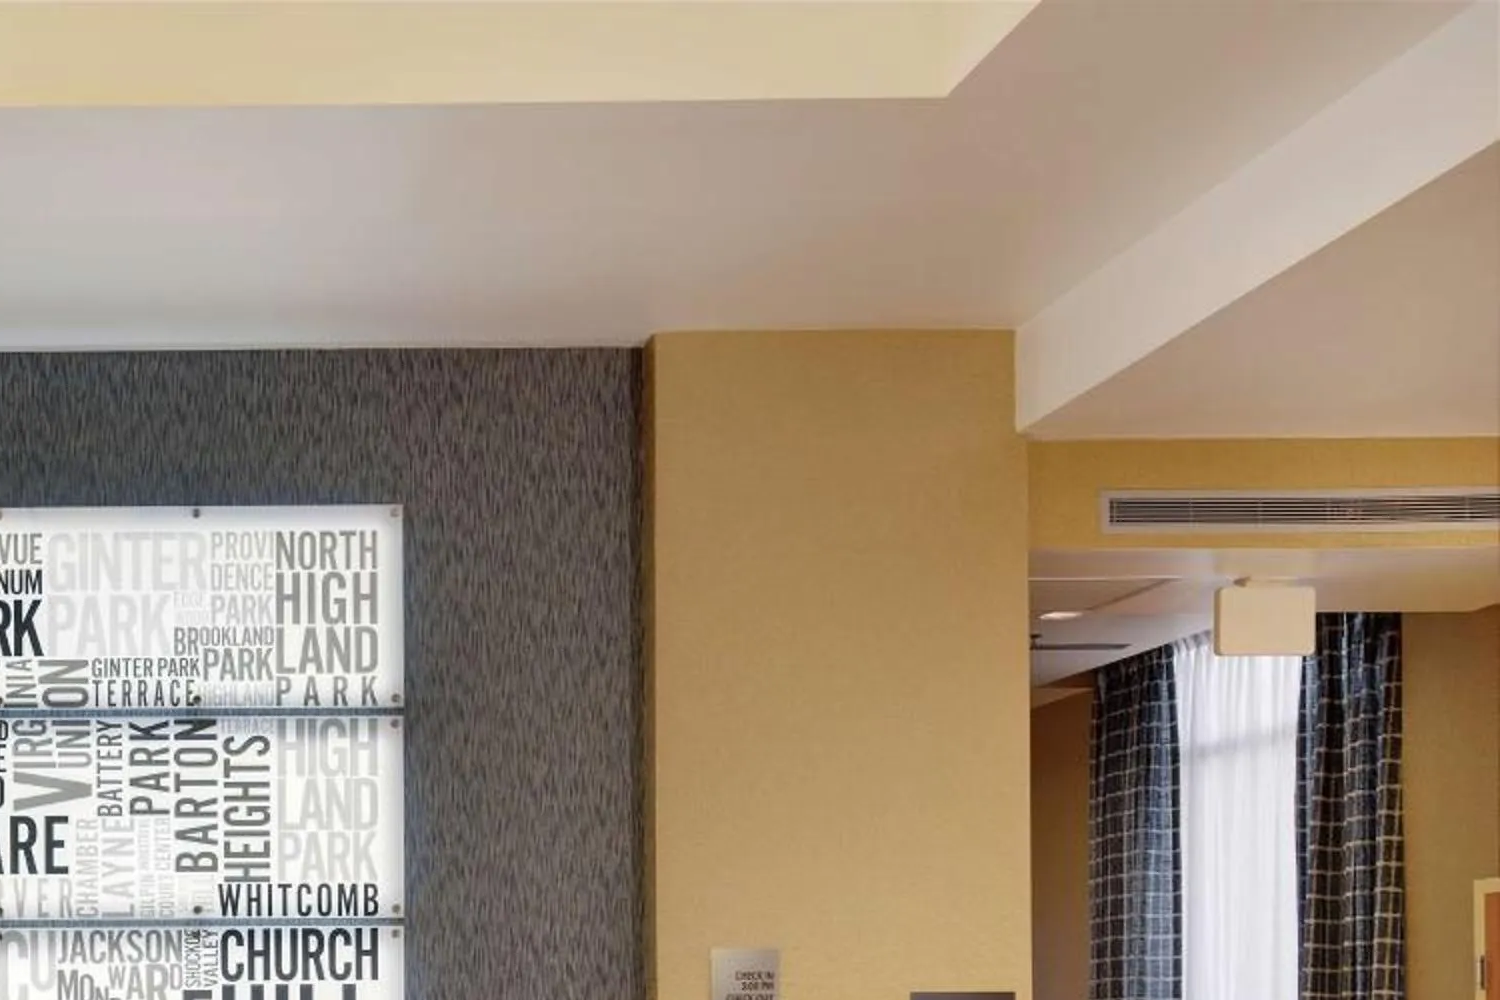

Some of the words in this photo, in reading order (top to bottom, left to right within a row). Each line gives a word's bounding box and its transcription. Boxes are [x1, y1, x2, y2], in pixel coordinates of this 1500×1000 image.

[49, 532, 207, 590] GINTER
[212, 532, 273, 561] PROVI
[276, 531, 377, 570] NORTH
[212, 563, 273, 591] DENCE
[276, 573, 377, 624] HIGH
[49, 595, 173, 656] PARK
[212, 595, 273, 625] PARK
[175, 626, 274, 655] BROOKLAND
[203, 648, 274, 681] PARK
[276, 627, 378, 674] LAND
[93, 657, 153, 677] GINTER
[157, 657, 199, 677] PARK
[276, 676, 378, 706] PARK
[93, 680, 195, 707] TERRACE
[98, 721, 122, 816] BATTERY
[129, 721, 170, 815] PARK
[276, 720, 377, 775] HIGH
[174, 720, 218, 872] BARTON
[223, 735, 271, 882] HEIGHTS
[277, 778, 378, 830] LAND
[76, 818, 98, 917] CHAMBER
[102, 817, 134, 917] LAYNE
[278, 831, 378, 880] PARK
[219, 884, 379, 917] WHITCOMB
[58, 930, 182, 964] JACKSON
[201, 929, 218, 987] VALLEY
[221, 929, 379, 981] CHURCH
[735, 971, 763, 980] CHECK
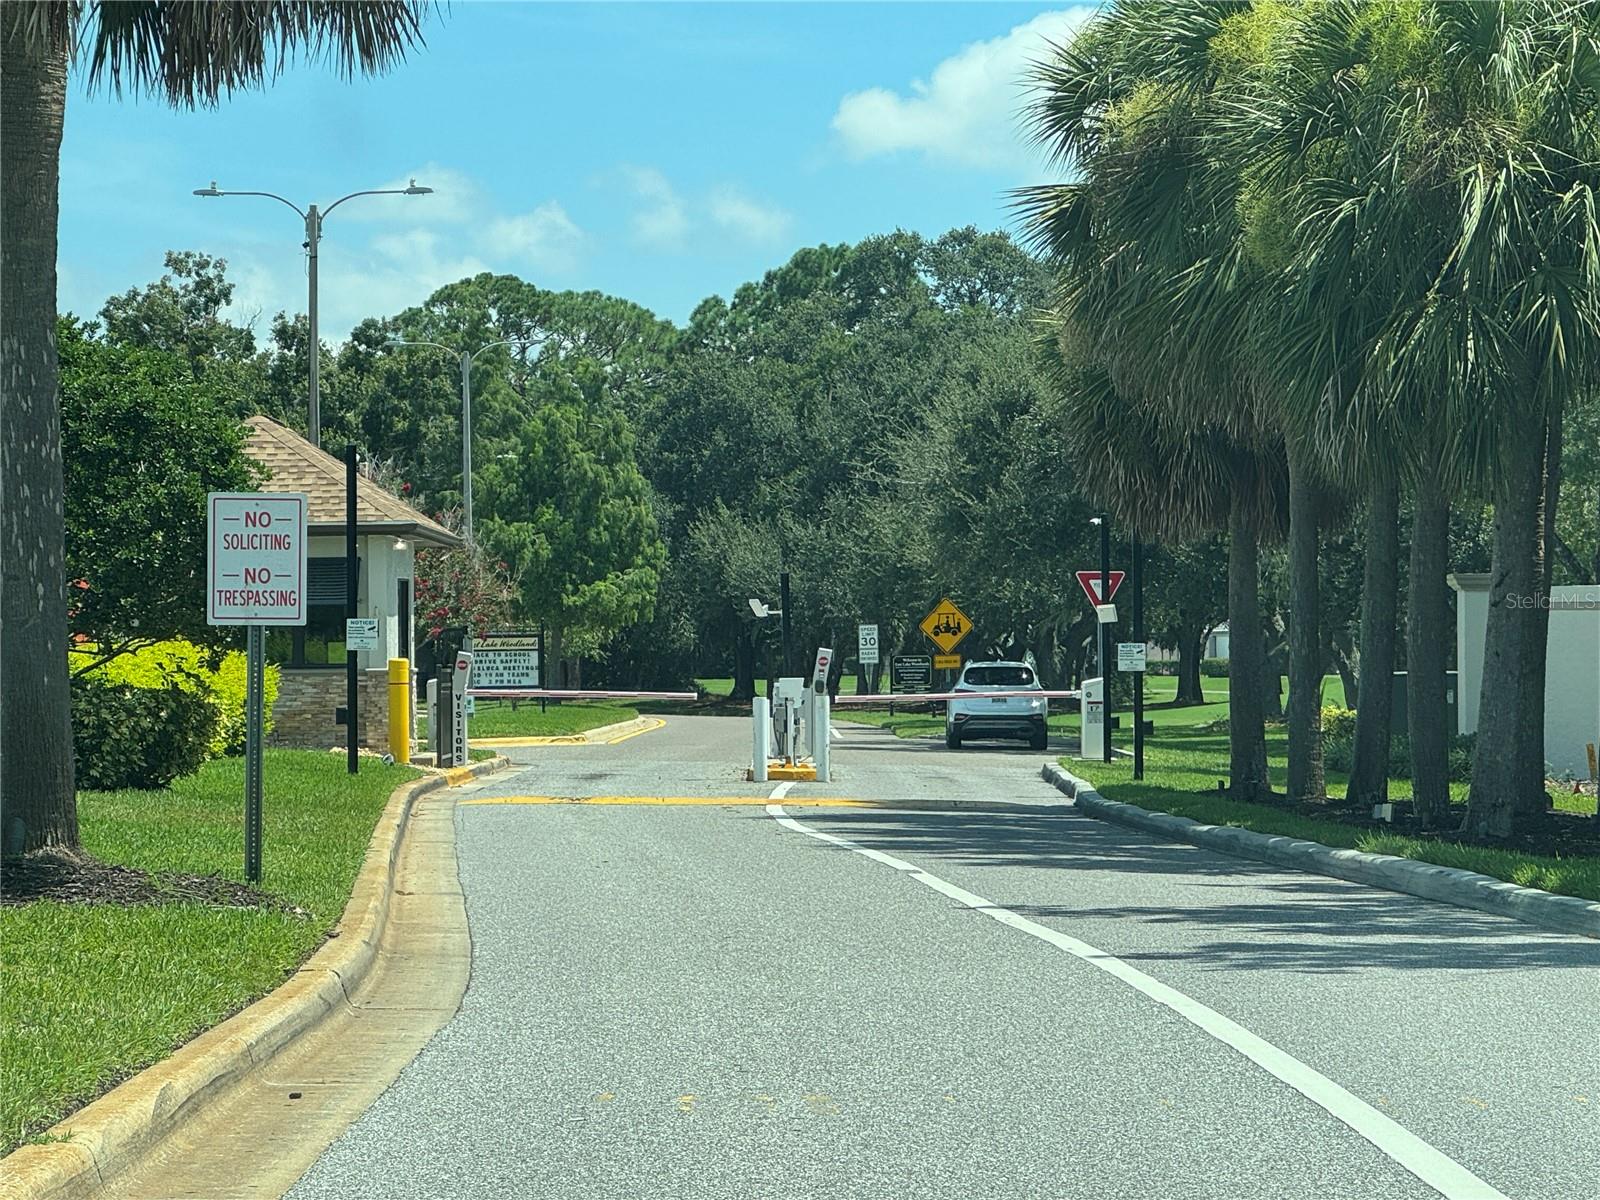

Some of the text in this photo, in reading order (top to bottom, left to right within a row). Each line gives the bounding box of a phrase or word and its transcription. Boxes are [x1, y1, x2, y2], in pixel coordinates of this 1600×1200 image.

[245, 511, 272, 528] NO
[223, 533, 291, 550] SOLICITING
[244, 567, 271, 584] NO
[216, 589, 297, 607] TRESPASSING
[481, 639, 498, 648] Lake
[860, 637, 876, 646] 30

> WHAT YOU HAVE TO DO
Restate the records word for word and drop the images.

> ANSWER BOX
Some of the words in this photo, in reading order (top to bottom, left to right within a row). Each line gives a word's bounding box and its transcription. Boxes are [x1, y1, x2, y2], in pixel coordinates of this 1500×1000 image.

[49, 532, 207, 590] GINTER
[212, 532, 273, 561] PROVI
[276, 531, 377, 570] NORTH
[212, 563, 273, 591] DENCE
[276, 573, 377, 624] HIGH
[49, 595, 173, 656] PARK
[212, 595, 273, 625] PARK
[175, 626, 274, 655] BROOKLAND
[203, 648, 274, 681] PARK
[276, 627, 378, 674] LAND
[93, 657, 153, 677] GINTER
[157, 657, 199, 677] PARK
[276, 676, 378, 706] PARK
[93, 680, 195, 707] TERRACE
[98, 721, 122, 816] BATTERY
[129, 721, 170, 815] PARK
[276, 720, 377, 775] HIGH
[174, 720, 218, 872] BARTON
[223, 735, 271, 882] HEIGHTS
[277, 778, 378, 830] LAND
[76, 818, 98, 917] CHAMBER
[102, 817, 134, 917] LAYNE
[278, 831, 378, 880] PARK
[219, 884, 379, 917] WHITCOMB
[58, 930, 182, 964] JACKSON
[201, 929, 218, 987] VALLEY
[221, 929, 379, 981] CHURCH
[735, 971, 763, 980] CHECK

Some of the text in this photo, in reading order (top to bottom, left to right within a row). Each line gives the bounding box of a phrase or word and its transcription. Boxes are [x1, y1, x2, y2], in pixel coordinates of this 1600×1200 image.

[245, 511, 272, 528] NO
[223, 533, 291, 550] SOLICITING
[244, 567, 271, 584] NO
[216, 589, 297, 607] TRESPASSING
[481, 639, 498, 648] Lake
[860, 637, 876, 646] 30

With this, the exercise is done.